Seven CEE borrowers have riskier government finances than Italy; Slovenia plunging fastest
Seven countries across Central and Eastern Europe have riskier government finances than Italy, according to Euromoney’s Country Risk Survey, and three of those – Serbia, Bosnia-Herzegovina and Montenegro – are riskier than Spain.
Serbia’s government-finances score has fallen by 0.2 to 3.6 so far this year, and Bosnia and Herzegovina’s by 0.4 to 3.2. Fitch’s credit rating of Serbia (BB-) was put on negative watch in mid-August, mainly because of the deteriorating fiscal outlook, and has previously been downgraded by S&P to BB- (it is not rated by Moody’s).
Bosnia, not covered by Fitch, is rated B2 negative by Moody’s and B with S&P.
Estonia, on a score of 7.1, still has the safest government finances in the region. The country has the smallest general government (EU) debt burden of any European country, according to Eurostat, at just 6% of GDP at end-2011. That’s comparable to an EU-27 average of 82.5% of GDP.
Bulgaria ranks second in the region for its government finances. It, too, has a favourable debt position – just 16.3% of GDP at end-2011 – and a reasonably low deficit (2.1% of GDP), providing some fiscal wriggle-room, given the deteriorating external economic climate.

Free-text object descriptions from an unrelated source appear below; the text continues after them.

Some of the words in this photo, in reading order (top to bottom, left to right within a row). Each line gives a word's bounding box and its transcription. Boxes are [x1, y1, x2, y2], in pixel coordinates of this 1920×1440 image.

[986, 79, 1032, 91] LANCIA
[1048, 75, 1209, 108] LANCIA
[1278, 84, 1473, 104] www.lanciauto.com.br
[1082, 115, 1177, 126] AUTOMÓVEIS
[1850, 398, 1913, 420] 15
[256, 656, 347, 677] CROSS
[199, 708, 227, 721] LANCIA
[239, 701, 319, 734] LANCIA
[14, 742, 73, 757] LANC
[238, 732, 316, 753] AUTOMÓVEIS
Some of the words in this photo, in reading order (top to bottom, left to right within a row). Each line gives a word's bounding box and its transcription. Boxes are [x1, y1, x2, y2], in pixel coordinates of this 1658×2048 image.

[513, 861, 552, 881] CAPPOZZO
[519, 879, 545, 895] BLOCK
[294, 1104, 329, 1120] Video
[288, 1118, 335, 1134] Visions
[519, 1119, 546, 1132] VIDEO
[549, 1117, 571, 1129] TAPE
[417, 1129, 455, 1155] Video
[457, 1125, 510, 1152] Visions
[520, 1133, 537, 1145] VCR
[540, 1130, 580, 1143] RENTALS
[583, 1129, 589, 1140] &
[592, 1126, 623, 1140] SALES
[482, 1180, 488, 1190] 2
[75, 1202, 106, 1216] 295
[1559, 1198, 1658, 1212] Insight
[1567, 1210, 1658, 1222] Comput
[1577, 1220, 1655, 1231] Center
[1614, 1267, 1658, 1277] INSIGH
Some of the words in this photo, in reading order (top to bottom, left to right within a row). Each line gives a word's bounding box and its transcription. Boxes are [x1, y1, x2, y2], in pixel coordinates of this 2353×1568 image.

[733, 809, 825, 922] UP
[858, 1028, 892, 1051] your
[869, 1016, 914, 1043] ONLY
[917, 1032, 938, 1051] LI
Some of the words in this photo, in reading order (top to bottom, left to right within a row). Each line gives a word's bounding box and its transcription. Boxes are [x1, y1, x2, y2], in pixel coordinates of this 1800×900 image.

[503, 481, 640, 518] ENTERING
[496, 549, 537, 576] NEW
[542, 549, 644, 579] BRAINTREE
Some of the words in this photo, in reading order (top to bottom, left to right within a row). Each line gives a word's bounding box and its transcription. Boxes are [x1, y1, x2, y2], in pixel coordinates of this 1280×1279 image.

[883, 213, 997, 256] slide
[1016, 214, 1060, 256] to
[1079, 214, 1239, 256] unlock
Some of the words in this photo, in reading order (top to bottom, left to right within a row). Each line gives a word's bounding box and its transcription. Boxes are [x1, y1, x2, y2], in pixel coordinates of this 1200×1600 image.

The biggest faller in the rankings is Slovenia. Its government-finances score has fallen by 0.5 (to 4.2) so far this year, narrowing the gap to Italy from 0.4 to just 0.1. Slovenia’s general government deficit increased to 6.4% of GDP last year and its general government debt to 47.6% of GDP. Slovenia has also seen the largest rise in bank stability risk anywhere in Europe.